Pranzo di ferragosto

Text: Gerhard Midding / 04. Mär. 2009

Spätestens seit Dino Risis I sorpasso wissen wir Kinogänger, wie schwer es ist, am 15. August in Rom auch nur eine Menschenseele zu finden. An Ferragosto herrscht Ausnahmezustand. Die Strassen sind leer, die Wohnhäuser verwaist, die Geschäfte und Bars geschlossen. Das Leben findet anderswo statt, sobald die Sommerhitze die Grossstädter alljährlich aufs Land vertreibt.

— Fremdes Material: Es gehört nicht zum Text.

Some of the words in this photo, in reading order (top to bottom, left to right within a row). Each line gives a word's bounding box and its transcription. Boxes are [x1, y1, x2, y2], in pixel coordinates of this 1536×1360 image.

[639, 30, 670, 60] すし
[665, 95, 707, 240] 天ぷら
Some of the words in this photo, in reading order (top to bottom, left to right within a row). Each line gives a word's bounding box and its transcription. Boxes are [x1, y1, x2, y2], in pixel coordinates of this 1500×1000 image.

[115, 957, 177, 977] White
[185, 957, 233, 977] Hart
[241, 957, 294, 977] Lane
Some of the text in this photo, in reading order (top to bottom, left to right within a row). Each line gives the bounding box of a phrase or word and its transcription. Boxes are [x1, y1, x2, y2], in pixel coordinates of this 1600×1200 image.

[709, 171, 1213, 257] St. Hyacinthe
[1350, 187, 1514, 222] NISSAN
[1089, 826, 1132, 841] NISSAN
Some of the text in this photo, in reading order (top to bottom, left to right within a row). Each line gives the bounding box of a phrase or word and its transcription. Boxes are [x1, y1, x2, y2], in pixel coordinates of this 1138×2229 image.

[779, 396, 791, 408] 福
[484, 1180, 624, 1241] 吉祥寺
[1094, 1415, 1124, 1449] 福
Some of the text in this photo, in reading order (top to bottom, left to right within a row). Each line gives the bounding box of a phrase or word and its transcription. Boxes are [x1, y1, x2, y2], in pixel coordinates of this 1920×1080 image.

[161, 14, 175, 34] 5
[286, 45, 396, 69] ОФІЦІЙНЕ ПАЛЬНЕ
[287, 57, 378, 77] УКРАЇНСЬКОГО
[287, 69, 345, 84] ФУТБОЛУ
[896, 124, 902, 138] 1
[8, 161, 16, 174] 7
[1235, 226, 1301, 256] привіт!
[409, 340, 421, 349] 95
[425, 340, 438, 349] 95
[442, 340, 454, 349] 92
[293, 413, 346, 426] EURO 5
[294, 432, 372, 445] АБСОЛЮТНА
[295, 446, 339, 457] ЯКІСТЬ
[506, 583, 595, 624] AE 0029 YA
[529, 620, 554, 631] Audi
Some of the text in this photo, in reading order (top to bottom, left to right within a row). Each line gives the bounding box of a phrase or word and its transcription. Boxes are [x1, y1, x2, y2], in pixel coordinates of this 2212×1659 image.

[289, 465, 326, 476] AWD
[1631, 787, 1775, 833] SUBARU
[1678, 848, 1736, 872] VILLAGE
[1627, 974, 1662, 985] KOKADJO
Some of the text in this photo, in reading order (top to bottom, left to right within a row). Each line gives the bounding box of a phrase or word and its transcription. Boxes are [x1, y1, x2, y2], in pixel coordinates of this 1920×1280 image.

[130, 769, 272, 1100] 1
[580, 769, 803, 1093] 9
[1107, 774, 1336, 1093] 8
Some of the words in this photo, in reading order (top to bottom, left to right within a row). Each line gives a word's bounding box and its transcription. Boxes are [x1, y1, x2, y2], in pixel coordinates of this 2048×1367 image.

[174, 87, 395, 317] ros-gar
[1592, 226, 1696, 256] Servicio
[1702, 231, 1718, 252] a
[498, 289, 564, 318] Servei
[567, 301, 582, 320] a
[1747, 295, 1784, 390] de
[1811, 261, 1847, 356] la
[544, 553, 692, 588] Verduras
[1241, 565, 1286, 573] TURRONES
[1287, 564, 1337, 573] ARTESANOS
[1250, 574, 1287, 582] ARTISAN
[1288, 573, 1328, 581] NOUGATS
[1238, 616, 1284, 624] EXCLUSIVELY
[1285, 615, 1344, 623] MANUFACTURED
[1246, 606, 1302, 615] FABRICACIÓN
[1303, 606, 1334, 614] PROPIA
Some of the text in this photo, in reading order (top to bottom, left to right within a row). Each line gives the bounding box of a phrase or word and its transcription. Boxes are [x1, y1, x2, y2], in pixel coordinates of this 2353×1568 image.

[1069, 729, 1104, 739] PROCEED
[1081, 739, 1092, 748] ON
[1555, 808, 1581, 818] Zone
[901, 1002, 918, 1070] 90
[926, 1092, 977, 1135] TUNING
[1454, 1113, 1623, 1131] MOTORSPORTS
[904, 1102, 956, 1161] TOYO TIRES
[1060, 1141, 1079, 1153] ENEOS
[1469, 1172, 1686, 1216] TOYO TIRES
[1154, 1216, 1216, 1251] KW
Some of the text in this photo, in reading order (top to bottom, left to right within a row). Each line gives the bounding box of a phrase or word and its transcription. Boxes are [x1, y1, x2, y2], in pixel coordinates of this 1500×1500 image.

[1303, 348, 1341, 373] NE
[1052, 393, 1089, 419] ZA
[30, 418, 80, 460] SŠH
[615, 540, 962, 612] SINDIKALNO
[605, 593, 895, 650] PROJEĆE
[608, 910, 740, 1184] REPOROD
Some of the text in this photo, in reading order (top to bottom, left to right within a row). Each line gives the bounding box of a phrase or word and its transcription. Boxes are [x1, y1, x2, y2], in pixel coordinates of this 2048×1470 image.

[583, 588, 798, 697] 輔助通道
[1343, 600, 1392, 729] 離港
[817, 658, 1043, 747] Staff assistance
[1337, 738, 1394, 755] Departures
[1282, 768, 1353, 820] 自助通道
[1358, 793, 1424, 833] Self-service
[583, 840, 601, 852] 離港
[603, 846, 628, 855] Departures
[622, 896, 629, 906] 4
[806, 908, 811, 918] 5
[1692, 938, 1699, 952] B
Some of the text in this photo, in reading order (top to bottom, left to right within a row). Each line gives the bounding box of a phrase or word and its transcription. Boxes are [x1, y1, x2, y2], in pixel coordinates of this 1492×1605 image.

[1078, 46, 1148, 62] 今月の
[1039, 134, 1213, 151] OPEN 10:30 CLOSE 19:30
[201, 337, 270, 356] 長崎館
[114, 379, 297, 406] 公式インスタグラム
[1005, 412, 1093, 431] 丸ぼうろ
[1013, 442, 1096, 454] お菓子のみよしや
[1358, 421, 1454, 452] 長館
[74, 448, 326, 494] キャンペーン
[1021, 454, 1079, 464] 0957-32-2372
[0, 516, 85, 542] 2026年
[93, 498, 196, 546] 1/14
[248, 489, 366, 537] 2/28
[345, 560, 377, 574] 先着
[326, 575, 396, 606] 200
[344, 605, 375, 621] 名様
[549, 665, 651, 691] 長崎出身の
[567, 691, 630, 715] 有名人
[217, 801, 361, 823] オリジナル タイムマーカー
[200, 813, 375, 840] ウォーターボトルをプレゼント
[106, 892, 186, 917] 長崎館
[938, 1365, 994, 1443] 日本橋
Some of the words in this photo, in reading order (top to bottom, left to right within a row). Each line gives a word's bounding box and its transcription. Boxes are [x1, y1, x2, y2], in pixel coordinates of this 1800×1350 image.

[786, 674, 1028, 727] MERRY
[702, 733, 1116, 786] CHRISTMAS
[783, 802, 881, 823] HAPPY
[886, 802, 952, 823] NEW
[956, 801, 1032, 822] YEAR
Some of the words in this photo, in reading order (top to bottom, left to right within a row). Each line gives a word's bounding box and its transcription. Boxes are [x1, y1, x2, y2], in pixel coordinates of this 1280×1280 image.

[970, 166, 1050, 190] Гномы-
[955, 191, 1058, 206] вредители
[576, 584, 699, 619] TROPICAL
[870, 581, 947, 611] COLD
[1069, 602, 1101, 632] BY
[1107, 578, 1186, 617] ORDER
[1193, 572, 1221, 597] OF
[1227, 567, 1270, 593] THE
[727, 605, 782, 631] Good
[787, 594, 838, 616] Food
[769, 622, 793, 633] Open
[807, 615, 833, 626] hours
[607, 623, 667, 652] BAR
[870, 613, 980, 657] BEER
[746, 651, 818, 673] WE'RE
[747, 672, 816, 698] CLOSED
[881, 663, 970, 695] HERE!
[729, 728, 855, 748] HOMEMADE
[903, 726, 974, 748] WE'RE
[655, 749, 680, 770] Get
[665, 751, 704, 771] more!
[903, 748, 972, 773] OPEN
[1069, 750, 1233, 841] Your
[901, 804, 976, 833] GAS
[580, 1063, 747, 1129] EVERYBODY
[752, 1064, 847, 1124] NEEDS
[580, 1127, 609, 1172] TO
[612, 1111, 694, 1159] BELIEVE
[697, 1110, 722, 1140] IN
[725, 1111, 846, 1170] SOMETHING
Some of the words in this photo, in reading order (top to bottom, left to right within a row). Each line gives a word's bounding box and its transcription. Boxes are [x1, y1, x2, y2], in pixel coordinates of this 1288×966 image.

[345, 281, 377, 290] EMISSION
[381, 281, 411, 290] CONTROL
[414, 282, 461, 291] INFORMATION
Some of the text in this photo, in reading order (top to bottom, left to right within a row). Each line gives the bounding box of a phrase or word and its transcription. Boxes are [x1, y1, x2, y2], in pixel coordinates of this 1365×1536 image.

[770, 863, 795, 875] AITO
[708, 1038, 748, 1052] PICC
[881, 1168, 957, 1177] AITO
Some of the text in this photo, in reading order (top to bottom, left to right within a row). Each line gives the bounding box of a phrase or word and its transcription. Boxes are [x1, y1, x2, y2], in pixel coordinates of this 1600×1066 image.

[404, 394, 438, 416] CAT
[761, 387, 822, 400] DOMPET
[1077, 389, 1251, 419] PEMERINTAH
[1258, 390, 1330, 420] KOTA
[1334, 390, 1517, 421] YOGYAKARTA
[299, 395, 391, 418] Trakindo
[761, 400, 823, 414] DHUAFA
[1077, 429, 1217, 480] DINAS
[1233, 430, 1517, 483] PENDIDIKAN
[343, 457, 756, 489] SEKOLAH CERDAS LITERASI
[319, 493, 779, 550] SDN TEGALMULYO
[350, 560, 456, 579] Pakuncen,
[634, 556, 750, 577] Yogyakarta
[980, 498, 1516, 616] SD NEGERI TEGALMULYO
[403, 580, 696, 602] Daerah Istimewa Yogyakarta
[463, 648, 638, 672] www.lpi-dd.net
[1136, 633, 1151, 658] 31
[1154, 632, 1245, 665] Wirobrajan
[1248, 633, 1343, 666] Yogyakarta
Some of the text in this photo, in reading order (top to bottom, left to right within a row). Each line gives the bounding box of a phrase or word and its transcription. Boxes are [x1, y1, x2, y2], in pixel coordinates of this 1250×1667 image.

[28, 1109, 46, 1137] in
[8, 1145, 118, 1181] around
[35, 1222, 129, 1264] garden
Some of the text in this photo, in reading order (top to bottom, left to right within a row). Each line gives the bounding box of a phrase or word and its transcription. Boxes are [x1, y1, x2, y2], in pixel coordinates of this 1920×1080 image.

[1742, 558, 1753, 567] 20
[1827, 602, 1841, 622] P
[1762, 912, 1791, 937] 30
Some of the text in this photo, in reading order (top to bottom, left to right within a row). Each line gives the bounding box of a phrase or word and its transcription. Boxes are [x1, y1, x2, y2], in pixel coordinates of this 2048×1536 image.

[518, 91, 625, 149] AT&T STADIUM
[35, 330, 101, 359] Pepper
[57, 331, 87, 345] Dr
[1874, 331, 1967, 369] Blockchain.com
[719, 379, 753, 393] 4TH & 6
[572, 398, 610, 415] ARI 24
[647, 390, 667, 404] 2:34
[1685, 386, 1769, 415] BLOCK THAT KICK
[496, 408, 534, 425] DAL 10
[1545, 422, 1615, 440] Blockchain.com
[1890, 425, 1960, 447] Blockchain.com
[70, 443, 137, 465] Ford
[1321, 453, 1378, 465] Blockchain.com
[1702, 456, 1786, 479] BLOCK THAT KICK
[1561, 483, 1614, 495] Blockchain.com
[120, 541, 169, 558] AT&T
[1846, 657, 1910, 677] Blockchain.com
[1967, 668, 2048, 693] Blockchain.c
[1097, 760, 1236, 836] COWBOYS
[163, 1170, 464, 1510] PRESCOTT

Es scheint kaum vorstellbar, dass sich hinter den Fassaden doch so etwas wie urbane Geschäftigkeit zutragen könnte. Gianni di Gregorios Debütfilm entdeckt uns die Welt derer, die daheimgeblieben sind: als ein tragikomisches Idyll des nicht unbedingt freiwilligen Verharrens. Die Protagonisten seines Films haben allerdings ohnehin die Beschaulichkeit des Provinzlebens in die Metropole hinübergerettet. Man kennt sich in der kleinen Nachbarschaft in Trastevere, schreibt beim Lebensmittelhändler an und bedenkt bei einem kleinen Weissen klaglos, wie das Leben an einem vorüberzieht.

Die resigniert-heitere Fügsamkeit ist das Lebenselement Giannis (der vom Regisseur selbst gespielt wird), der in fortgeschrittenem Alter noch immer bei seiner gebieterischen Mutter wohnt. Die kokette, alte Dame liebt das Wohlleben und hat sich einen neugierigen, prüfenden Blick für die männliche Schönheit bewahrt. Er ist ihr ein aufopferungsvoller Sohn und seit ewigen Zeiten daran gewohnt, seine eigenen Lebensträume hintan zu stellen. Mit einer unentwirrbaren Mischung aus Sohnesliebe, Pflichtgefühl und Trägheit führt er den Haushalt und liest ihr beim Schlafengehen aus «Die drei Musketiere» vor. Da er dem Hausverwalter die Miete seit einigen Monaten schuldig ist, willigt er ein, dessen Mutter zu Ferragosto zu beherbergen und zu bekochen. Sodann melden sich auch noch dessen Tante und die Mutter eines Schulfreundes an. Die Feiertage werden zu einer wacker bewältigten Belastungsprobe seiner Verfügbarkeit, münden in einen nur für kurze Verdauungspausen unterbrochenen Marathon der kulinarischen Genüsse.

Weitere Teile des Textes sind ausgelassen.